とはいえ、今はこの帯を渡すあてもないのだと気づいて、陰麗華はさらに気が滅入る。出来上がったのに、愛しい人に渡す手段すら思いつかない物悲しさ。帯を見下ろして溜息ばかりついているうちに、四月の半ばになったある日、陰麗華の袖を侍女の小夏がそっと引いた。
「お嬢様……その、劉文叔様から、これを……」
小夏が差し出したのは木簡の切れ端で、『今夜、会いに行く』とだけ書かれていた。
陰麗華は目を瞠る。……会いに来るって……どこに来るつもりなの。
「どこでお会いしたの?」
「えっと……北の杜の祠に近い、あぜ道で、声をかけられました。『君、陰麗華の新しい侍女だよね?』って。……昼に、あの祠までお参りに行ったじゃないですか。あたし、あのあたりに釵を落としちゃったみたいで、夕方に捜しに行ったんですよ。その時に」
「……小夏って、文叔さまとお会いしたこと、あったかしら?」
「ええ、一度だけ。顔の濃い人だな、って思って、印象に残ってました」
劉文叔は鼻梁の高いはっきりした顔立ちに、くっきりした眉、大きな目と口だから、顔が「濃い」と言われれば濃い方だろう。陰麗華は素敵だと思うのだが、小夏の趣味には合わないのか。……ともかく、小夏に木簡を託したのは、文叔で間違いないらしい。
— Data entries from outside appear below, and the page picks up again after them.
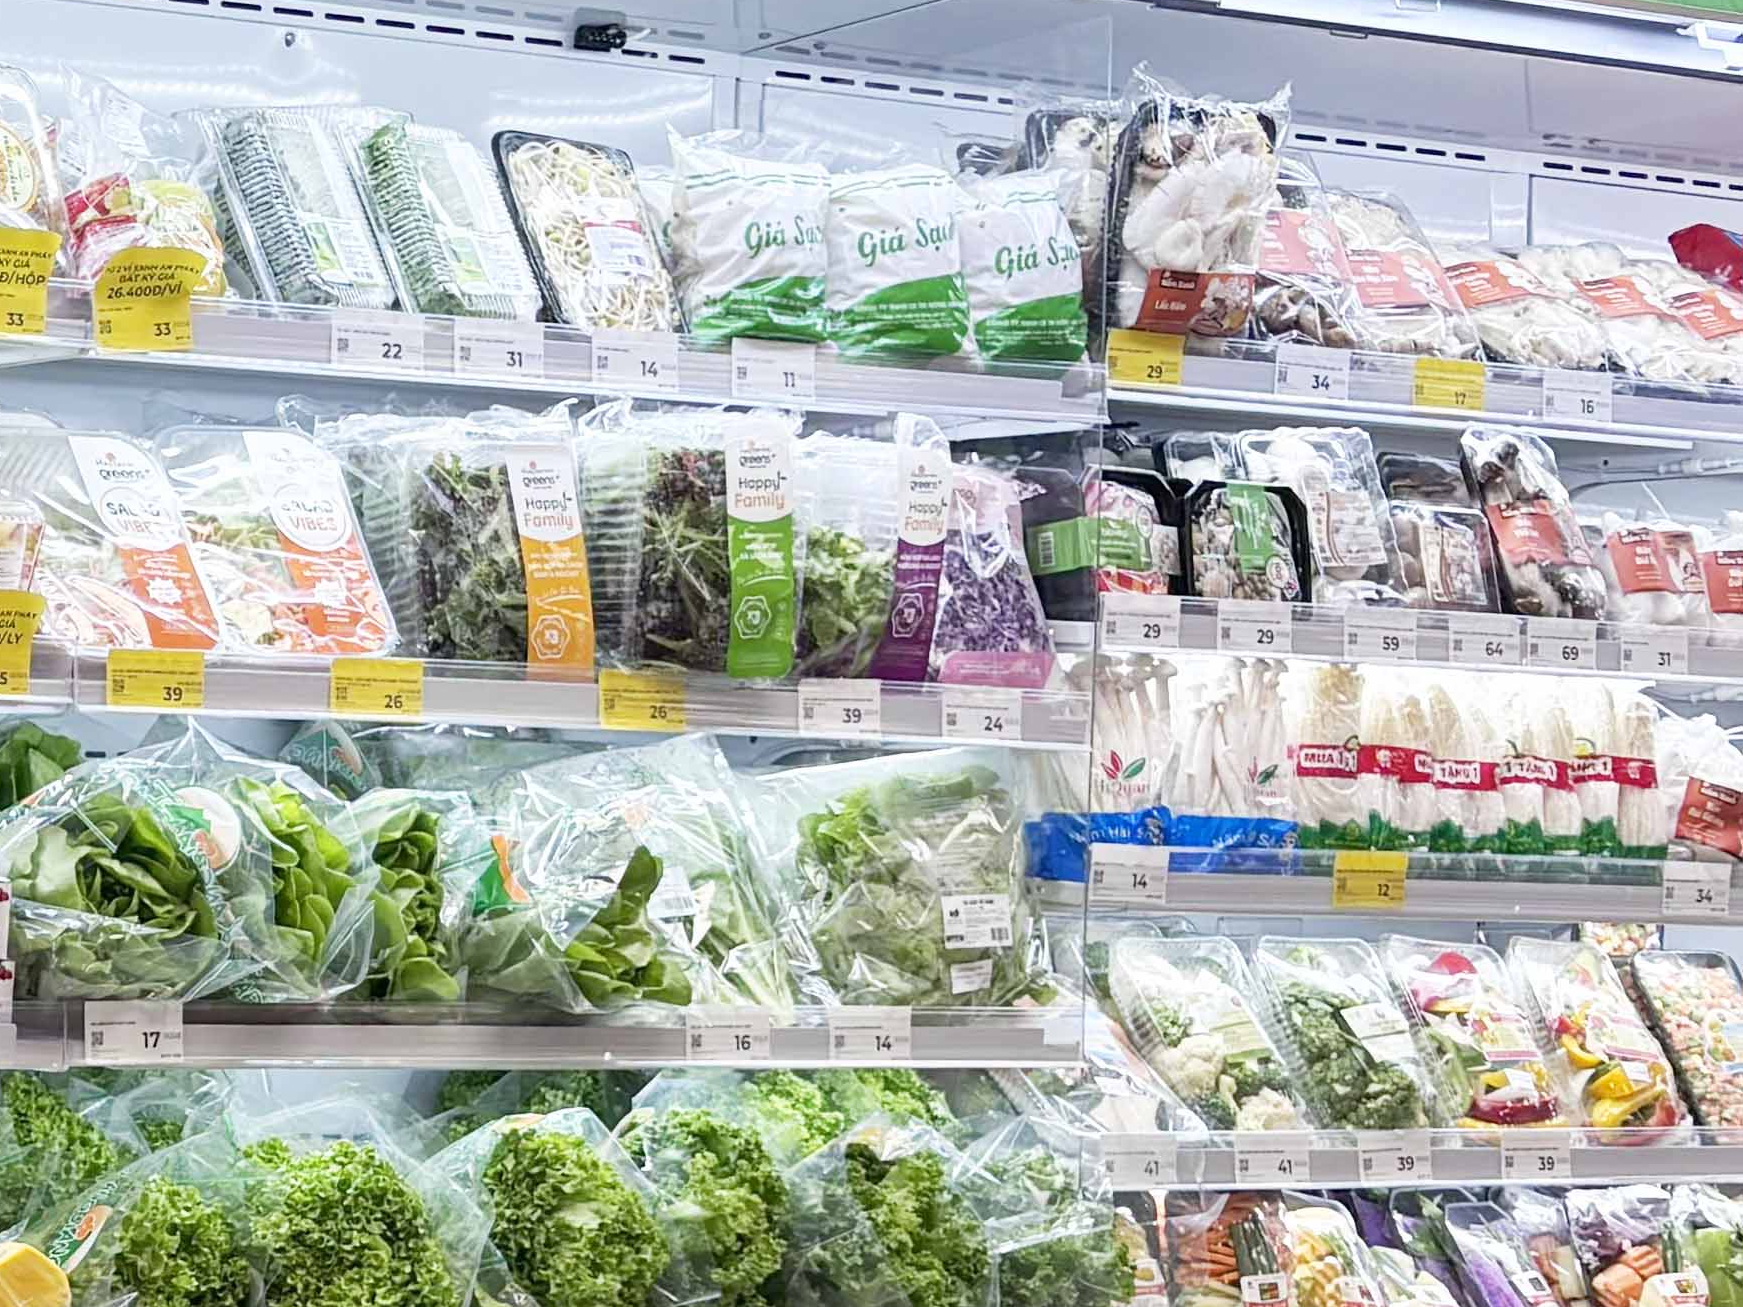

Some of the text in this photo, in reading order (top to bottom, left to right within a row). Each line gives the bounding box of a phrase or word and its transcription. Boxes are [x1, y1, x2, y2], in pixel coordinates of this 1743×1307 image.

[744, 219, 785, 259] Giá
[858, 227, 905, 267] Giá
[995, 242, 1039, 278] Giá
[507, 351, 522, 367] 31
[1147, 365, 1163, 379] 29
[1581, 399, 1594, 414] 16
[735, 493, 785, 510] Family
[1257, 629, 1274, 644] 29
[1485, 642, 1503, 656] 64
[385, 694, 403, 709] 26
[843, 708, 862, 723] 39
[1132, 873, 1147, 889] 14
[876, 1035, 892, 1051] 14
[1278, 1159, 1292, 1174] 41
[1538, 1156, 1555, 1171] 39
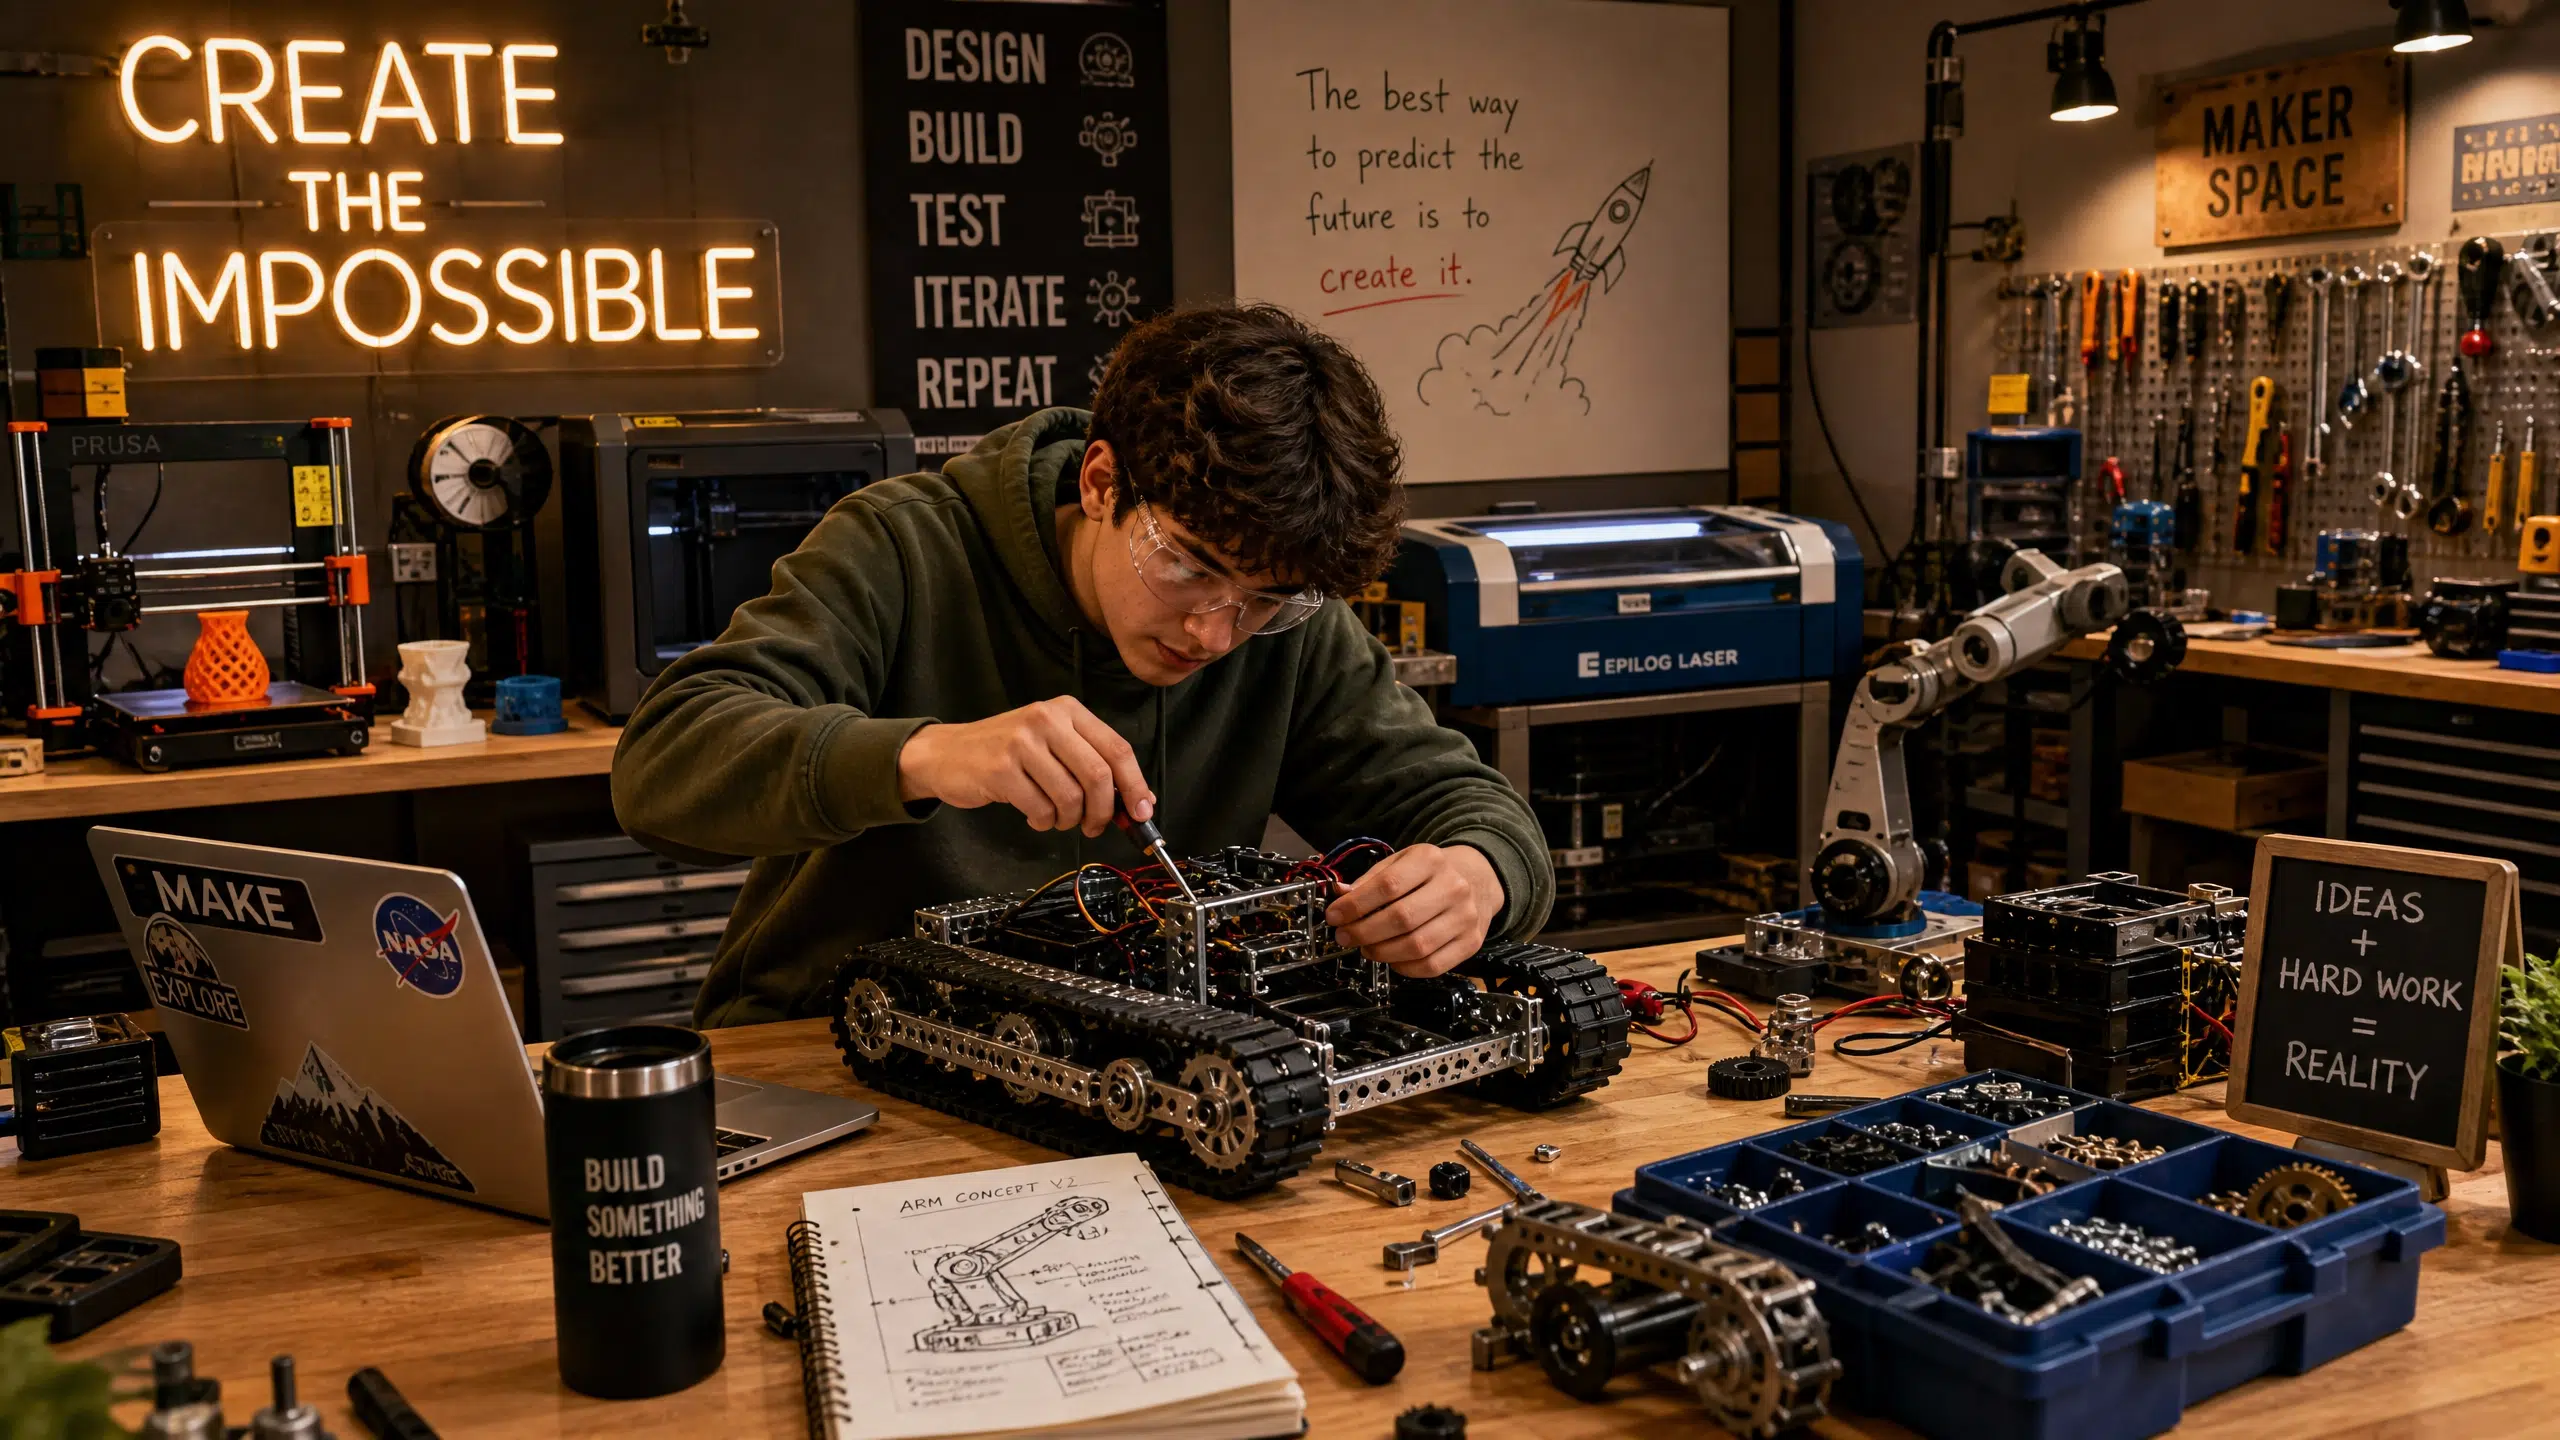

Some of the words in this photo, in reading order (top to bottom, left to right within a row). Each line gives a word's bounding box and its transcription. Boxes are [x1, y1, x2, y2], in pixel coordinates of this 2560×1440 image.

[905, 27, 1046, 84] DESIGN
[119, 34, 565, 146] CREATE
[1296, 67, 1360, 110] The
[1384, 70, 1450, 113] best
[1469, 96, 1519, 134] way
[909, 110, 1023, 164] BUILD
[2203, 85, 2353, 158] MAKER
[1306, 134, 1336, 169] to
[1359, 136, 1455, 184] predict
[1479, 137, 1524, 170] the
[2207, 152, 2345, 218] SPACE
[287, 170, 427, 233] THE
[910, 193, 1006, 246] TEST
[1305, 191, 1395, 236] future
[1418, 201, 1439, 228] is
[1462, 197, 1490, 228] to
[133, 246, 761, 352] IMPOSSIBLE
[1320, 255, 1416, 294] create
[1440, 252, 1471, 285] it.
[914, 275, 1067, 328] ITERATE
[917, 355, 1057, 409] REPEAT
[71, 434, 161, 457] PRUSA
[1605, 655, 1672, 674] EPILOG
[1678, 650, 1738, 669] LASER
[151, 870, 294, 931] MAKE
[2315, 880, 2424, 924] IDEAS
[382, 929, 458, 963] NASA
[150, 971, 245, 1025] EXPLORE
[2279, 957, 2363, 996] HARD
[2377, 970, 2463, 1012] WORK
[2285, 1040, 2429, 1101] REALITY
[584, 1154, 665, 1192] BUILD
[900, 1196, 943, 1213] ARM
[955, 1181, 1039, 1204] CONCEPT
[587, 1186, 705, 1238] SOMETHING
[589, 1242, 683, 1284] BETTER
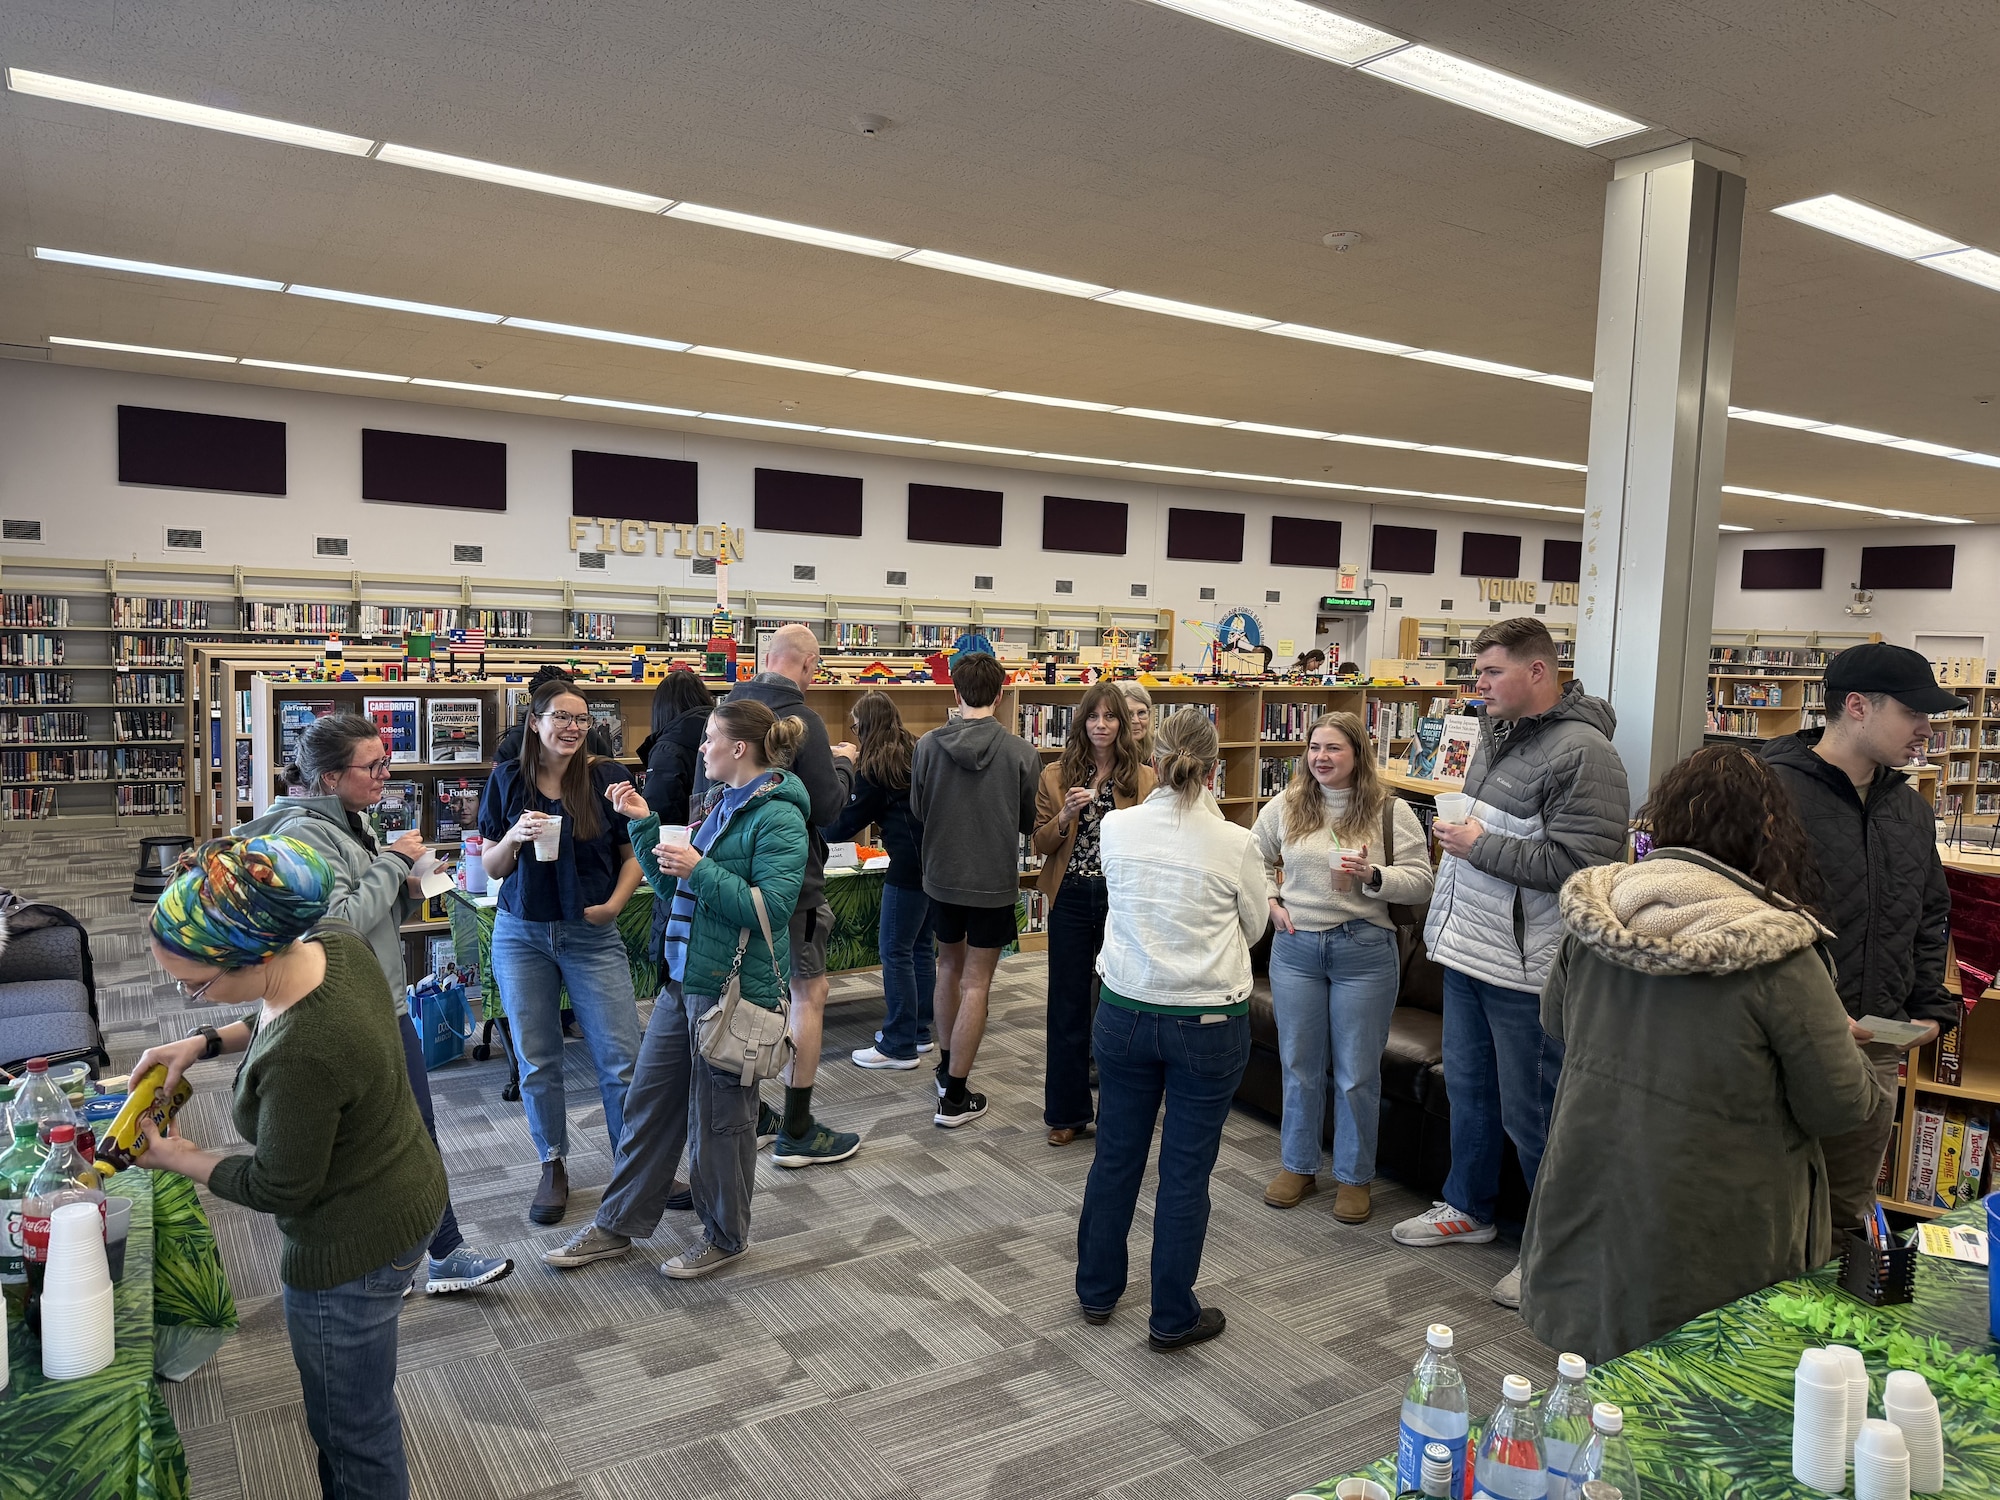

婚約が凍結され、さらに郡大夫からの求婚を受けている状態の陰麗華は、劉文叔と忍び逢うようなことも許されない。そんな中、わざわざ新野まで文叔が逢いにきたのはなぜか。
――やっぱり結婚は無しにしてくれ、とか断りに来られるのかしら。
陰麗華が不安で俯いて、紺地に白糸と黒糸、そして銀糸を少しだけ使った精緻な刺繍と木簡を見比べて、考え込んでいると、小夏が小声で尋ねた。
「その……何て書いてあるんです?実は、お嬢様の部屋の場所を聞かれて、つい、うっかり話してしまったのですが」
「ええっ?……まさか部屋に来るおつもり?」
ちょうど、母と弟たちは、祖母の実家である、湖陽の樊家まで出かけている。用件は聞かなかったけれど、陰麗華のことを相談に出かけたのだろう。場合によっては郡大夫を敵に回す可能性もあるので、根回しに行ったに違いない。
今夜であれば、母に見とがめられずに逢うことも可能だろう。
……さすがに、男性を房に入れるのはまずいと、陰麗華は困惑するが、わざわざ訪ねてくれた文叔を追い返すなんて、陰麗華にはできそうにない。
早々に夕食を済ませ、日も落ちて辺りが暗くなったころ、陰麗華は自室に燭を灯して身を固くして待った。その夜は月も出ていて、様子を見に行っていた小夏が文叔を導いて戻ってきた。軽快な小夏らしい足音の外に、ゆっくりとしめやかな足音がして、戸口から差し込む月光を浴びた、小夏の影ともう一つ、大きな黒い影が部屋に入ってくる。燭台の側にいる陰麗華の姿は、向こうからははっきり見えるだろうが、陰麗華の目には暗闇に影が二つ蠢くようにしか、見えない。小夏が小声で言う。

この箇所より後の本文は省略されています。